The Pro-Choice Religious Liberty Argument

Always on the lookout for a new wrinkle on ancient battles, I drew attention to a recent legal development at New York:

Though the constitutional law of “religious liberty” is a murky field, we are all accustomed to hearing anguished claims from conservative Christians that laws requiring them to provide or pay for reproductive-health services or treat LGBTQ employees and customers equally are an unacceptable violation of their beliefs. Now that the Supreme Court has struck down the federal right to an abortion, it’s clearer than ever that the Christian right and its Republican allies are aiming to construct a system where they are free to live their values as they wish, regardless of the impact on others.

But as a new lawsuit in Florida shows, what’s good for the conservative goose may also be good for the progressive gander. A group of religious officials are arguing in state court that the new anti-abortion law enacted this year by Florida Republicans violates their right to religious expression.
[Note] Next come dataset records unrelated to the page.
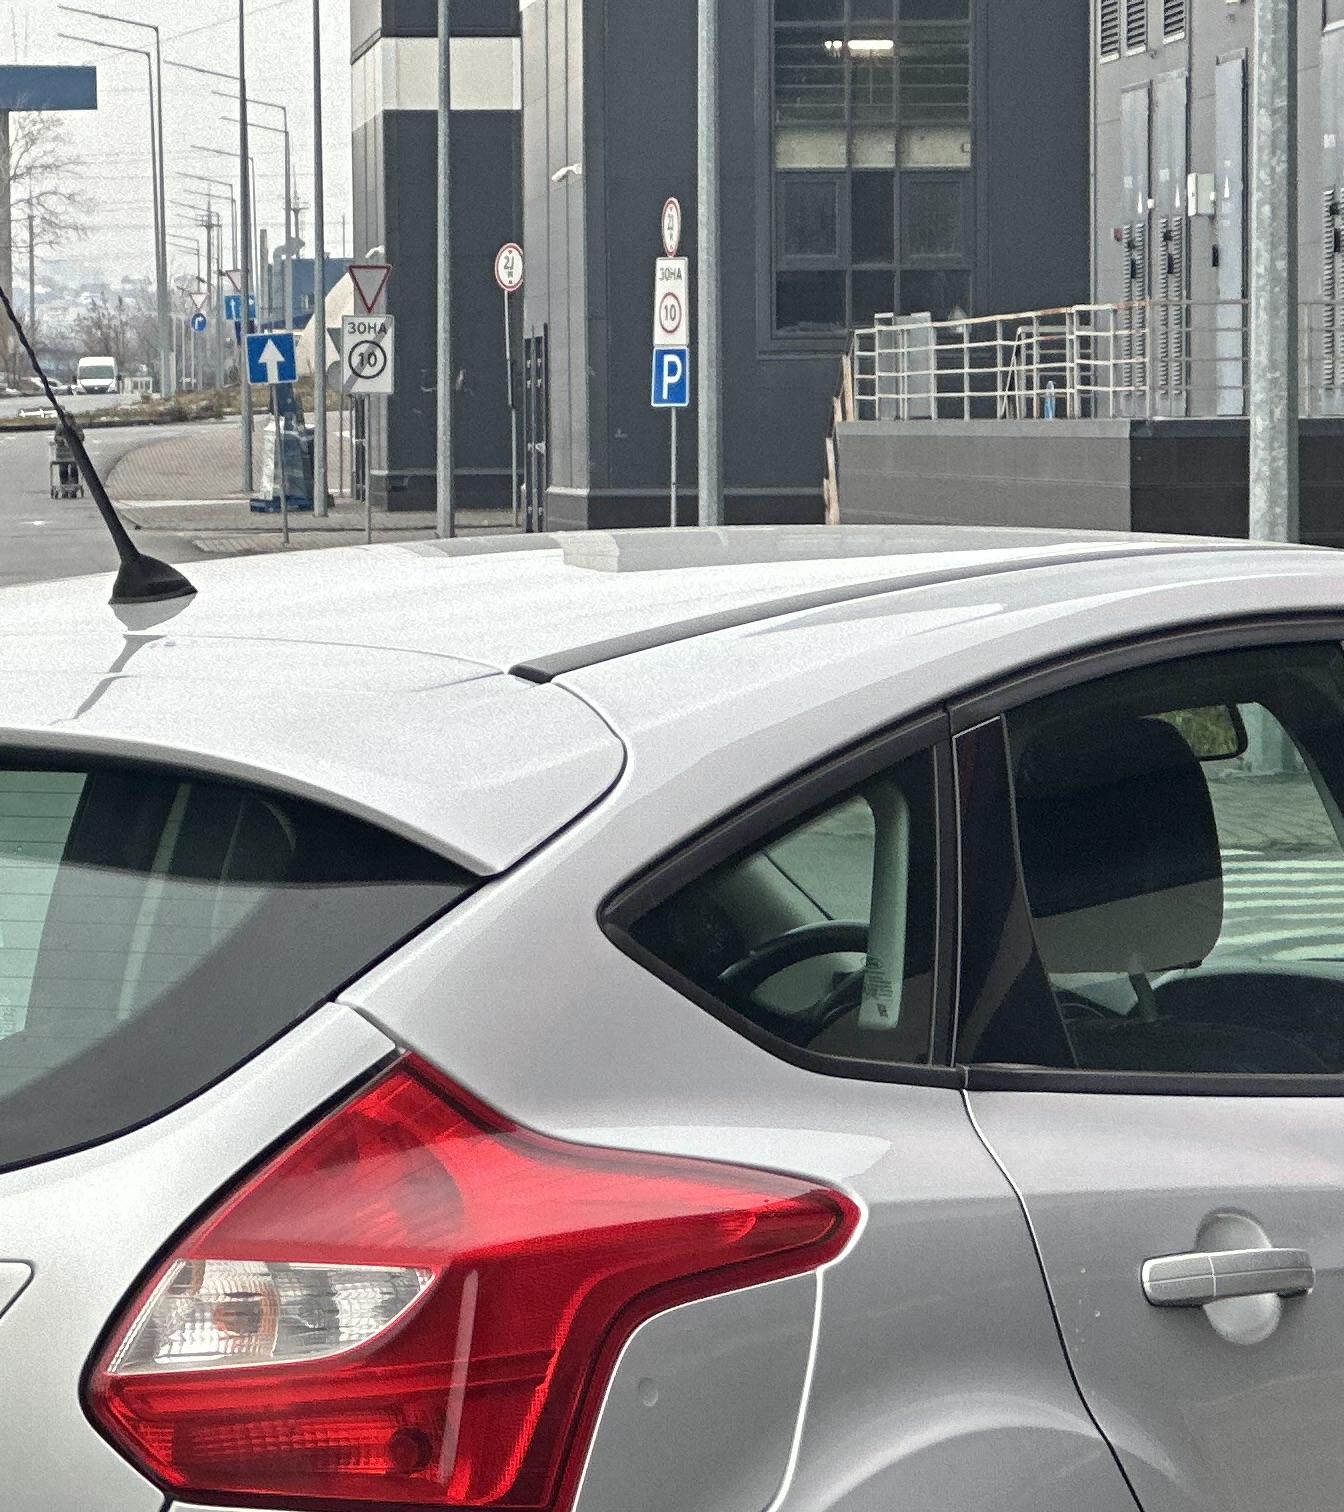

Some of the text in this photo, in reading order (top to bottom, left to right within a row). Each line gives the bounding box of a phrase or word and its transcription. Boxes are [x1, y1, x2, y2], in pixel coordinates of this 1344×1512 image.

[658, 267, 683, 281] ЗОНА
[664, 304, 677, 322] 10
[347, 321, 388, 335] ЗОНА
[358, 353, 378, 368] 10
[662, 353, 683, 400] P
The Washington Post reports:

“Seven Florida clergy members — two Christians, three Jews, one Unitarian Universalist and a Buddhist … argue in separate lawsuits filed Monday that their ability to live and practice their religious faith is being violated by the state’s new, post-Roe abortion law. The law, which is one of the strictest in the country, making no exceptions for rape or incest, was signed in April by Gov. Ron DeSantis (R), in a Pentecostal church alongside antiabortion lawmakers such as the House speaker, who called life ‘a gift from God.’”

The plaintiffs in these suits most definitely want to rebut the idea that forced birth is the only authentically “religious” perspective on abortion services. After all, as United Church of Christ minister Laurie Hafner explains, the anti-abortion cause has little biblical sanction:

“Jesus says nothing about abortion. He talks about loving your neighbor and living abundantly and fully. He says: ‘I come that you might have full life.’ Does that mean for a 10-year-old to bear the child of her molester? That you cut your life short because you aren’t able to rid your body of a fetus?”
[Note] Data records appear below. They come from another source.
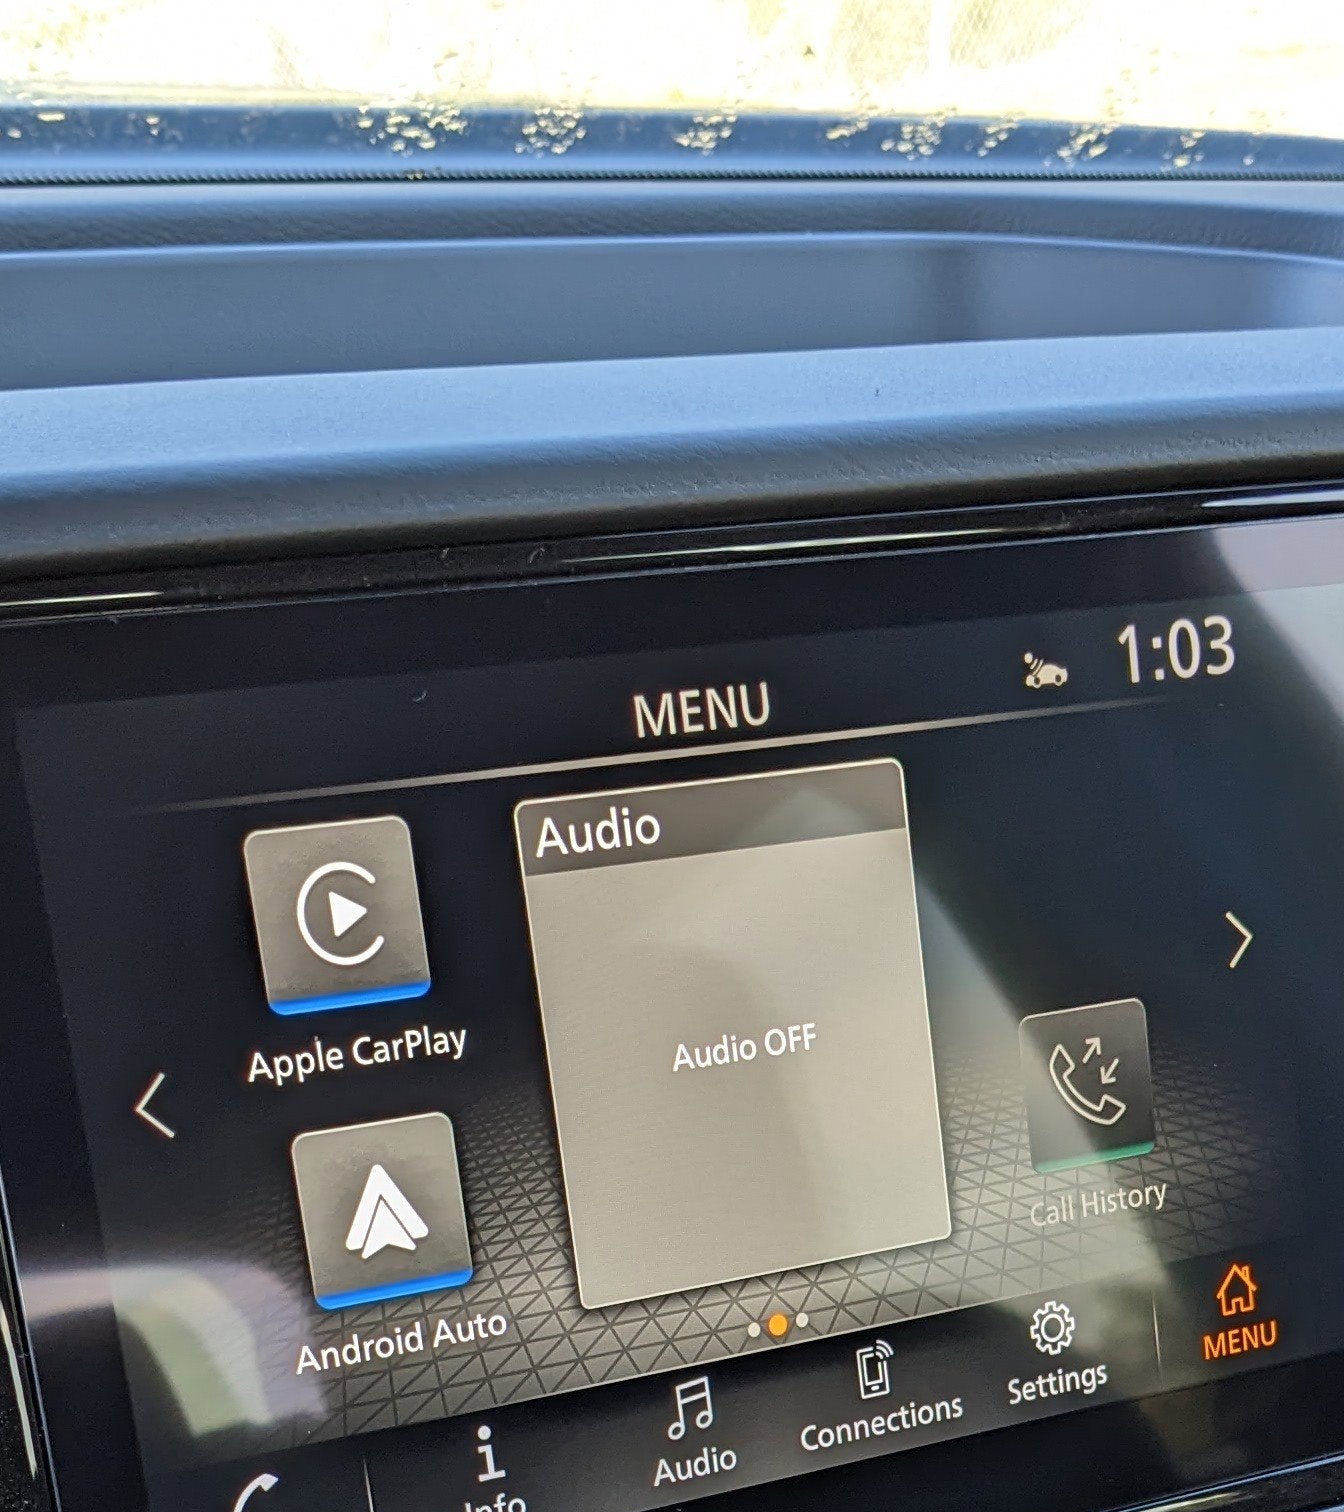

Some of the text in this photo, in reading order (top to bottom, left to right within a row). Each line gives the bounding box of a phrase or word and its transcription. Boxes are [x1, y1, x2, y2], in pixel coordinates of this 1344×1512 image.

[1117, 613, 1237, 685] 1:03
[632, 681, 773, 739] MENU
[535, 806, 661, 859] Audio
[246, 1026, 467, 1088] Apple CarPlay
[671, 1022, 819, 1074] Audio OFF
[1029, 1180, 1168, 1229] Call History
[294, 1312, 509, 1375] Android Auto
[1202, 1320, 1279, 1361] MENU
[1007, 1363, 1109, 1406] Settings
[799, 1395, 964, 1452] Connections
[653, 1446, 738, 1488] Audio
The legal theory in the lawsuits focuses specifically on the counseling of pregnant people and their families that clergy engage in routinely, and that under the new Florida law may be treated as the illegal aiding and abetting of criminal acts. Hafner’s suit alleges that this violates both federal and state constitutional rights, along with Florida’s version of the Religious Freedom Restoration Act (a 1993 federal “religious liberty” law):

“The dramatic change in abortion rights in Florida has caused confusion and fear among clergy and pregnant girls and women particularly in light of the criminal penalties attached. Given her general duties and work as a Pastor, Plaintiff intends to engage in counseling regarding abortion beyond the narrow limits of HB 5 and, therefore, risks incarceration and financial penalties.”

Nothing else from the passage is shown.